(Instructions for the task): From the line containing "Some of the words" through the last line of the entries below, repeat each line word for word and leave out the rest.

(Dataset records):
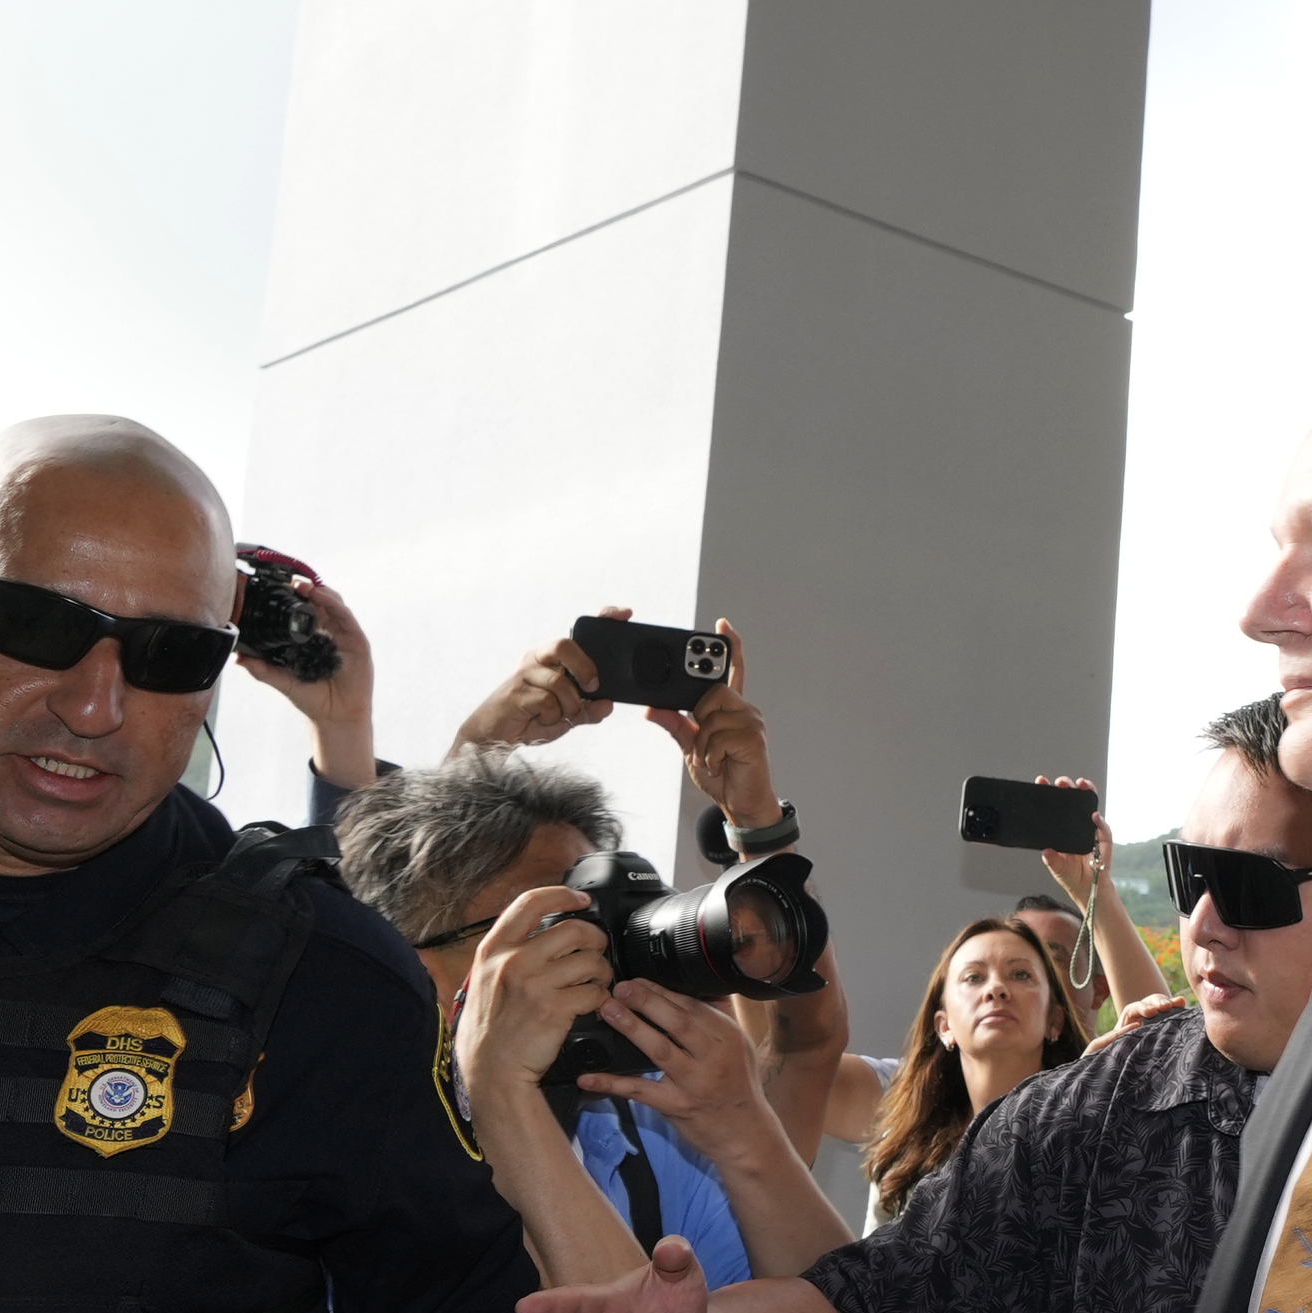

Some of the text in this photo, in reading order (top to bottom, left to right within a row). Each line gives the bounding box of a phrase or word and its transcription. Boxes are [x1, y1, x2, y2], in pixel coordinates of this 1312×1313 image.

[628, 871, 660, 881] Canon
[106, 1036, 144, 1051] DHS
[85, 1127, 133, 1141] POLICE
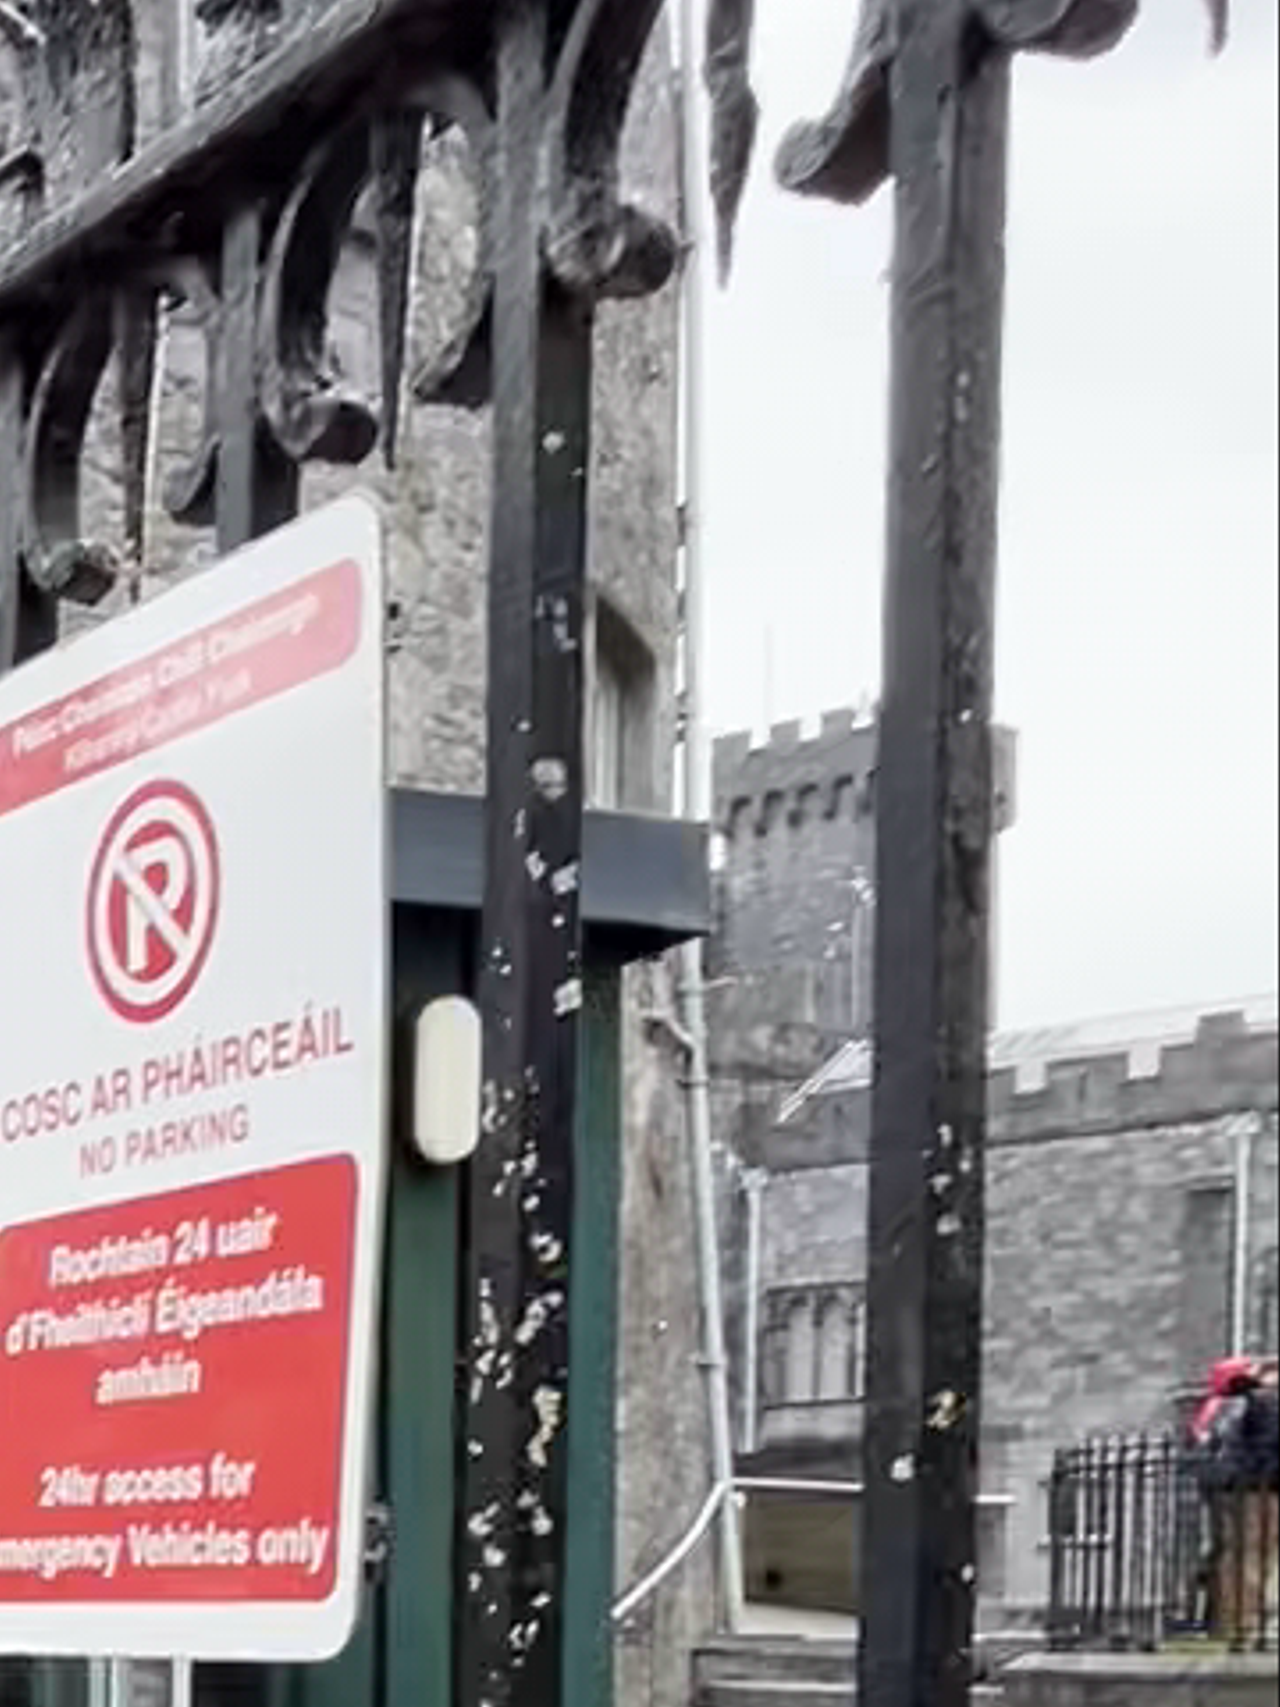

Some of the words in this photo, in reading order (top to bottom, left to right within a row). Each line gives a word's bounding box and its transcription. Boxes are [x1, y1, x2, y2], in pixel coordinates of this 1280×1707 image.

[0, 1081, 81, 1141] COSC
[90, 1068, 131, 1119] AR
[141, 999, 354, 1104] PHÁIRCEÁIL
[79, 1135, 116, 1177] NO
[125, 1104, 249, 1169] PARKING
[48, 1227, 169, 1289] Rochtain
[172, 1217, 209, 1266] 24
[216, 1206, 278, 1258] uair
[38, 1462, 100, 1507] 24hr
[103, 1461, 204, 1505] access
[210, 1450, 256, 1498] for
[126, 1520, 251, 1567] Vehicles
[256, 1516, 330, 1575] only

(Solved problem):
Some of the words in this photo, in reading order (top to bottom, left to right within a row). Each line gives a word's bounding box and its transcription. Boxes are [x1, y1, x2, y2], in pixel coordinates of this 1280×1707 image.

[0, 1081, 81, 1141] COSC
[90, 1068, 131, 1119] AR
[141, 999, 354, 1104] PHÁIRCEÁIL
[79, 1135, 116, 1177] NO
[125, 1104, 249, 1169] PARKING
[48, 1227, 169, 1289] Rochtain
[172, 1217, 209, 1266] 24
[216, 1206, 278, 1258] uair
[38, 1462, 100, 1507] 24hr
[103, 1461, 204, 1505] access
[210, 1450, 256, 1498] for
[126, 1520, 251, 1567] Vehicles
[256, 1516, 330, 1575] only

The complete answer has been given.